Prior to founding the Prometheus Institute, Travis was a partner at Steel Partners II, L.P., a hedge fund based in New York City focused on the acquisition, growth, and sale of small publicly traded and privately owned businesses. In this capacity, Travis served as both a board member and active management participant in these types of businesses in industries ranging from industrial filters to fertilizer distributors to financial service providers. Travis has worked for the Federal Reserve Bank, has lectured at top Universities including Columbia University, Duke University, New York University, and Harvard University on finance, entrepreneurship, and alternative energy economics.
For a decade before joining the Hauser Center, Ms. Dearing consulted to senior managers in nonprofits and corporations. In 1997, she started her own consultancy, working with nonprofits and specializing in strategy development and implementation, executive decision making and coaching, and large and small group facilitation. Her clients represented organizations local and international, academic and non-profit, and with budgets ranging from one to several hundred million dollars. Prior to launching her business, Ms. Dearing worked with a management consulting firm specializing in knowledge management, process development and Balanced Scorecard services to Fortune 500 companies. While there, she wrote one of the early knowledge management methodologies. She came to consulting after working for Women’s Self-Employment Project, a nonprofit micro-lending organization in Chicago, Illinois.

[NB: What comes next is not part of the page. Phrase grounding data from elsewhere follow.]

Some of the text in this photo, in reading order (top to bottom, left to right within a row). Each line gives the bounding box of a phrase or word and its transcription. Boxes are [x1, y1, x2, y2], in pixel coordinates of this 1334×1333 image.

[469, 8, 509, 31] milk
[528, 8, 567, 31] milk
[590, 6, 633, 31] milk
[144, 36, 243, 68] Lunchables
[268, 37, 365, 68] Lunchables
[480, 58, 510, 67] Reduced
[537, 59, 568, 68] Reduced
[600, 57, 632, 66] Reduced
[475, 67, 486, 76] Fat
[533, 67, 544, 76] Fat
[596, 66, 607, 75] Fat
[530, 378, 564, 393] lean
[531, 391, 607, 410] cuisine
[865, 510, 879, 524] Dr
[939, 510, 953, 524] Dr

Ms. Dearing has a Masters in Public Policy from Harvard’s John F. Kennedy School of Government, with concentrations in International Security Policy and Negotiation and Conflict Resolution. She had a merit-based scholarship as a Kennedy School Fellow. She has a BA in English with High Distinction from the University of Michigan. In addition to her work, Ms. Dearing remains active in her community, including serving on the Boards of Directors of the Harvard Cooperative Society, The Prometheus Institute, and the Financial Stewardship Initiative. She has published and provided commentary for media outlets such as WBUR/NPR radio, The Boston Globe, MSNBC, BBC Radio and the Battle Creek Enquirer, and has a semi-regular column with The Philanthropy News Digest. She also serves on the editorial board of the scholarly journal, The Nonprofit and Voluntary Sector Quarterly. She lives in Bedford, Massachusetts with her husband, one daughter and one son.

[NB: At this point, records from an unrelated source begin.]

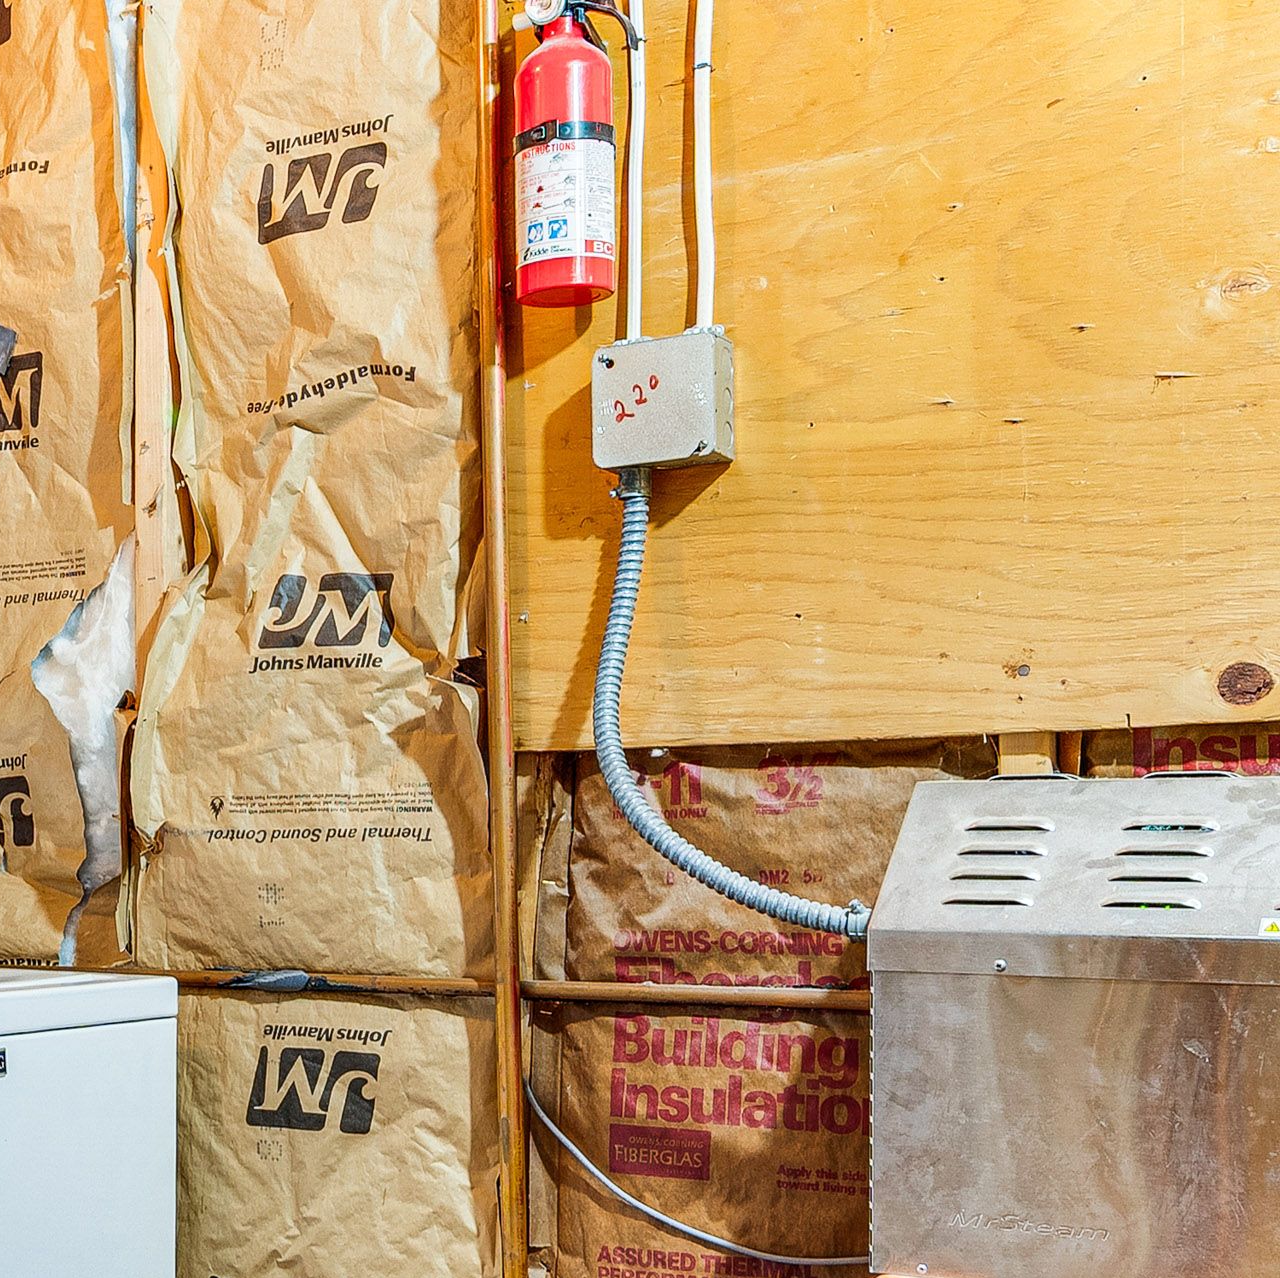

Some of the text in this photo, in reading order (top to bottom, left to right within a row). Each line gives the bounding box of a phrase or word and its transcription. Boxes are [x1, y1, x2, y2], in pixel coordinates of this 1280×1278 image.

[266, 115, 394, 155] Johns Manville
[258, 142, 387, 244] JM
[614, 374, 660, 423] 220
[5, 593, 28, 604] and
[33, 589, 85, 605] Thermal
[258, 572, 395, 649] JM
[249, 653, 383, 674] Johns Manville
[208, 827, 432, 843] Thermal and Sound Control
[614, 929, 844, 957] OWENS-CORNING
[263, 1024, 392, 1046] Johns Manville
[612, 1012, 860, 1089] Building
[246, 1046, 381, 1134] JM
[609, 1067, 870, 1136] Insulatio
[614, 1145, 703, 1169] FIBERGLAS
[777, 1165, 867, 1182] Apply this side
[777, 1180, 856, 1196] toward living
[948, 1208, 1111, 1241] MrSteam
[598, 1246, 696, 1272] ASSURED
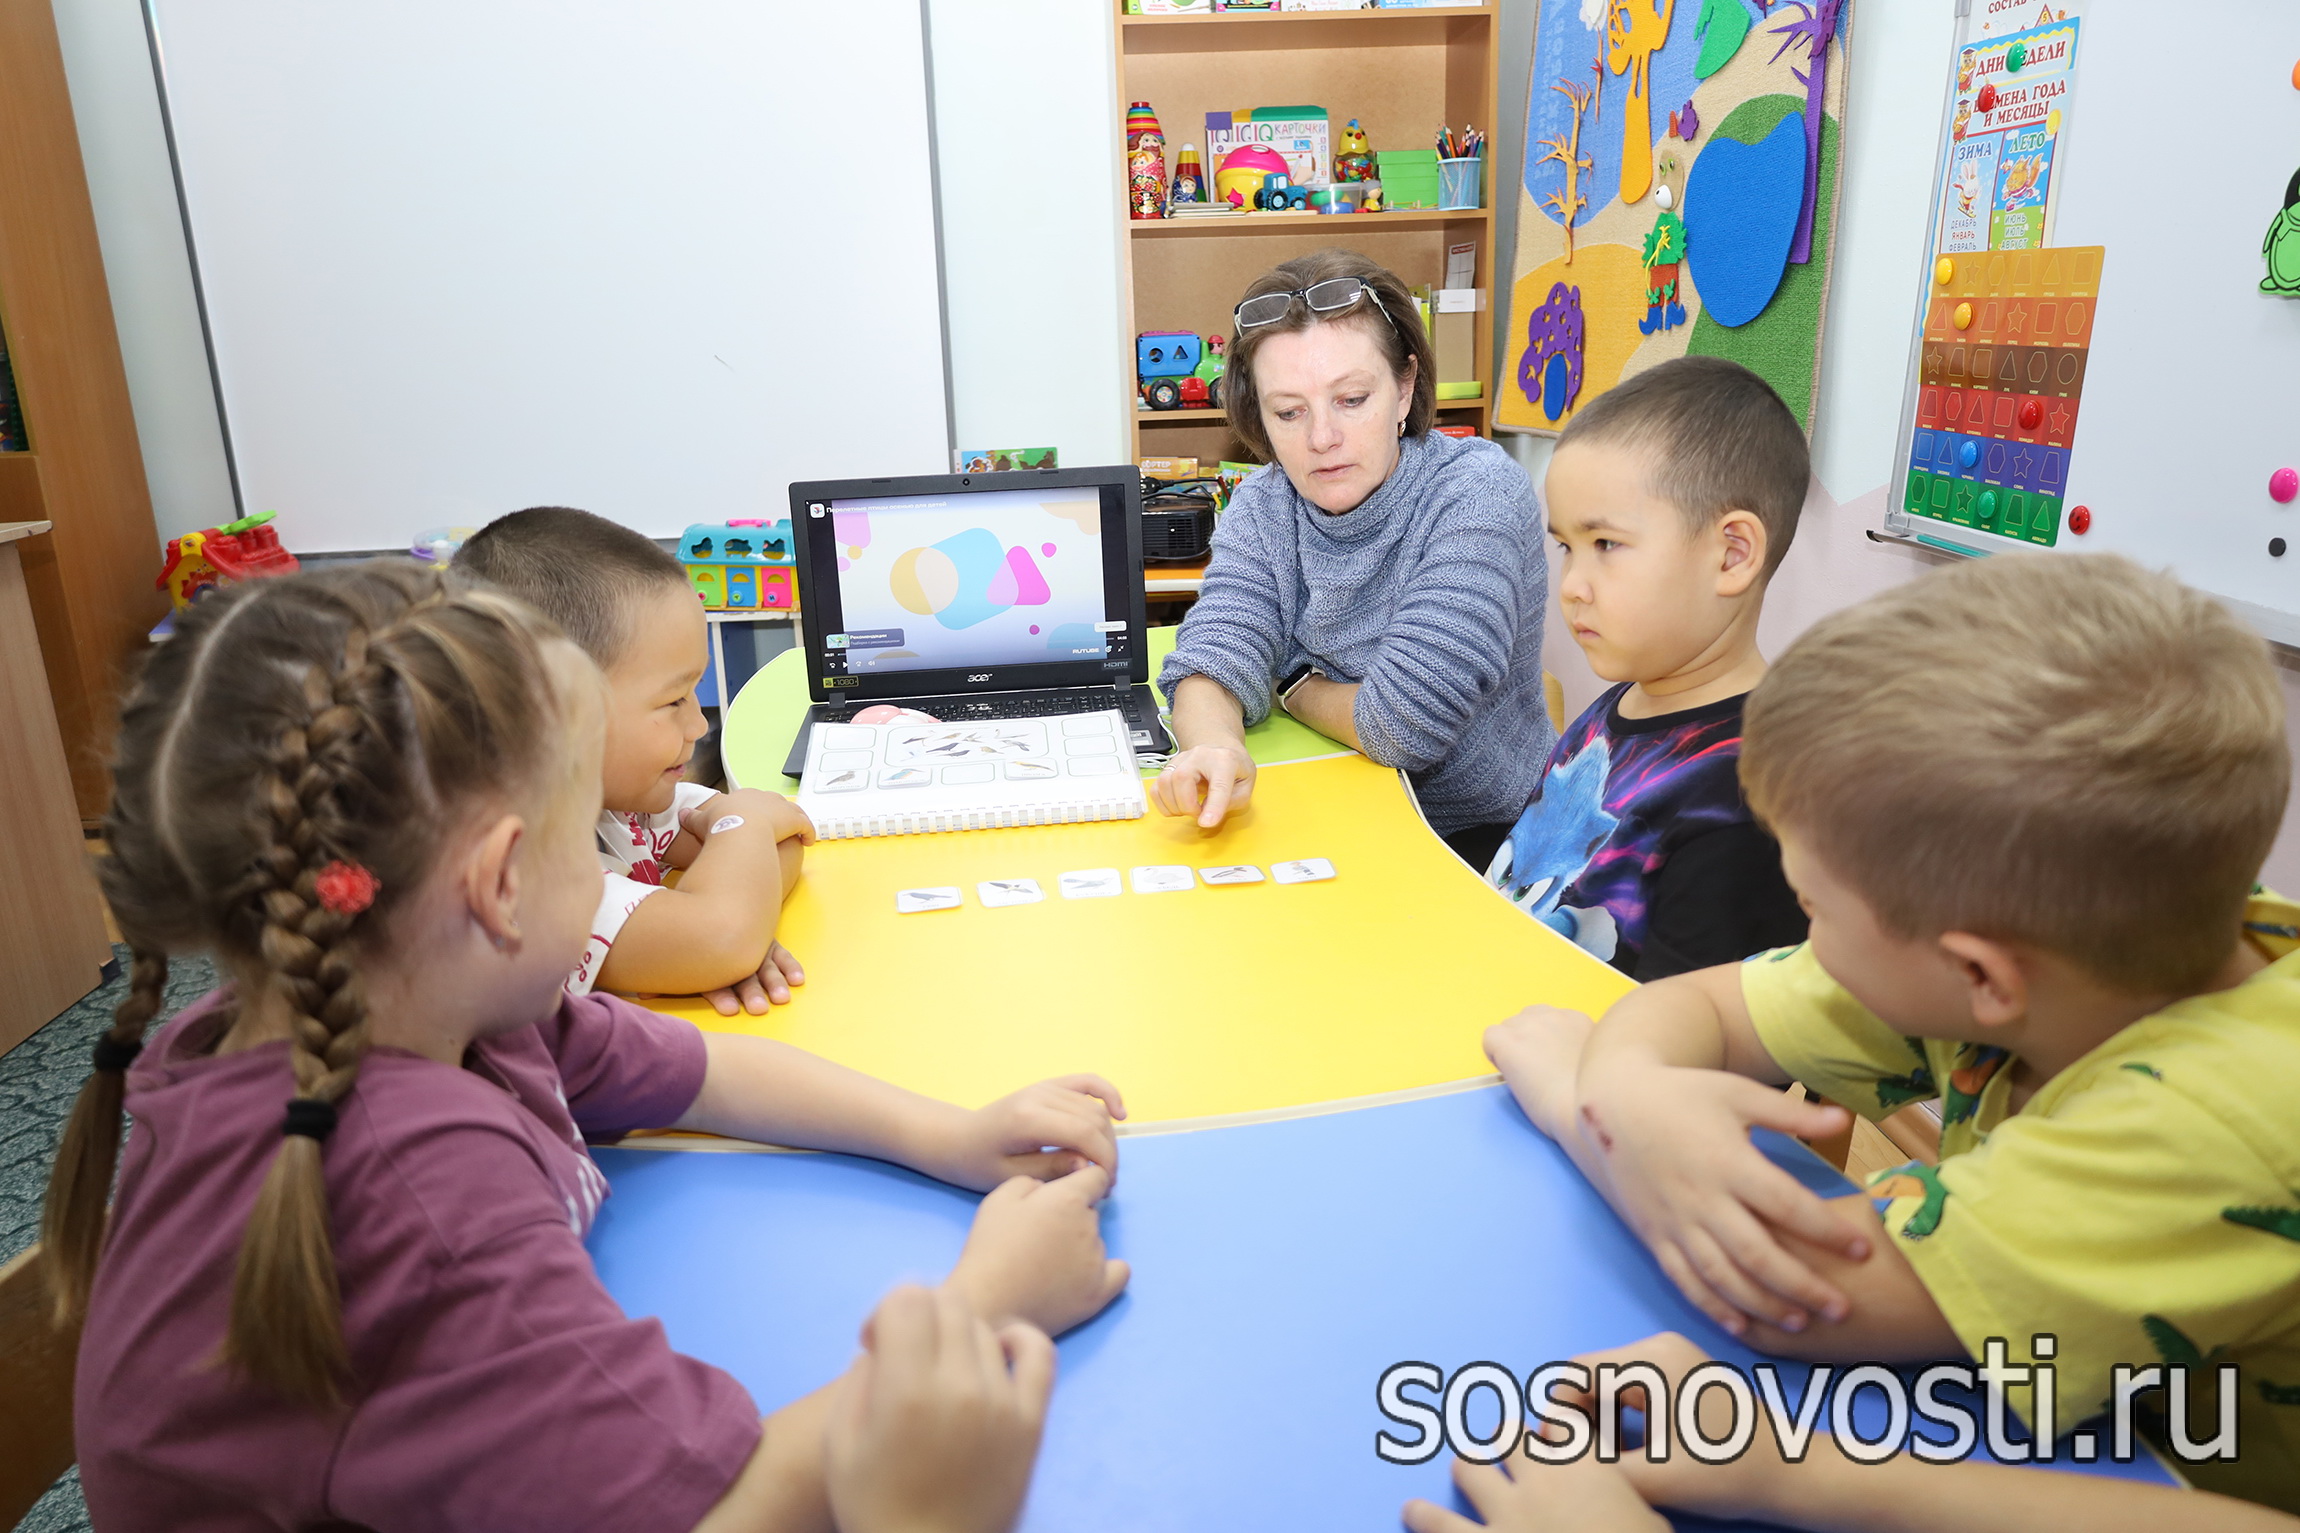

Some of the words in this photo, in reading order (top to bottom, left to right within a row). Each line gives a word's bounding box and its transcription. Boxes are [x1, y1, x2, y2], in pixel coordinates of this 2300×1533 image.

[1976, 55, 2005, 77] ДНИ
[2020, 41, 2066, 67] ЕДЕЛИ
[2032, 79, 2066, 100] ГОДА
[1983, 112, 1993, 128] И
[1996, 100, 2050, 125] МЕСЯЦЫ
[1254, 123, 1273, 142] IQ
[1274, 122, 1326, 135] КАРТОЧКИ
[2010, 133, 2046, 153] ЛЕТО
[1958, 142, 1992, 160] ЗИМА
[1950, 219, 1977, 230] ДЕКАБРЬ
[2005, 214, 2027, 224] ИЮНЬ
[1951, 230, 1976, 240] ЯНВАРЬ
[2005, 227, 2025, 237] ИЮЛЬ
[1949, 242, 1977, 252] ФЕВРАЛЬ
[967, 673, 993, 683] acer

Prior to joining BEF, Tom was Executive Vice President for Sales and Marketing and a member of the Board of Directors of RWE Schott Solar Inc., one of the world's top ten largest manufacturers of solar photovoltaic cells and modules. Tom also spent seven years as co-founder and principal of Kelso Starrs & Associates LLC, an energy consulting firm focusing on the design and implementation of policies and programs to support renewable energy development, with an emphasis on solar and wind energy. Before establishing his own consulting business, Tom was an attorney with the environment and natural resources section of Seattle-based Perkins Coie, the largest law firm in the Pacific Northwest.
In addition to serving on the board of the Prometheus Institute, Tom serves on the board of directors of the American Solar Energy Society and the Center for Energy Efficiency and Renewable Technologies; the advisory board of Vote Solar; and the board of directors of the for-profit web-based monitoring and display company, Fat Spaniel Technologies.
Tom holds a Ph.D. from U.C. Berkeley's Energy and Resources Group, and a law degree from U.C. Berkeley's Boalt Hall School of Law.
Before taking this position, Mr. Shah was the manager for the U.S. Marketing Group at BP Solar. He was focused on helping identify ways for BP Solar to structure its channels and delivery mechanisms to increase its market share of the growing U.S. solar electricity business. Mr. Shah also served as head of U.S. Commercial Sales at BP Solar, and as an analyst within the Business Development Group. Mr. Shah joined BP Solar in 1999.
Prior to 1999, Mr. Shah worked in several other positions in the renewable energy industry, including at Energetics, a federal government consulting group where Mr. Shah was focused on fuel cells and alternative fuels for vehicles; and at Atlantic Orient Corporation, a wind power company in Vermont, where he completed one of the most successful projects in the wind energy at Kotzebue, Alaska. He started at AstroPower (which has since been purchased by GE Solar) as an engineer on the chemical processing line.
Mr. Shah received a bachelor of science degree from the University of Illinois at Urbana Champaign and a master of business administration in 2000 from the Robert H. Smith School of Business at the University of Maryland at College Park.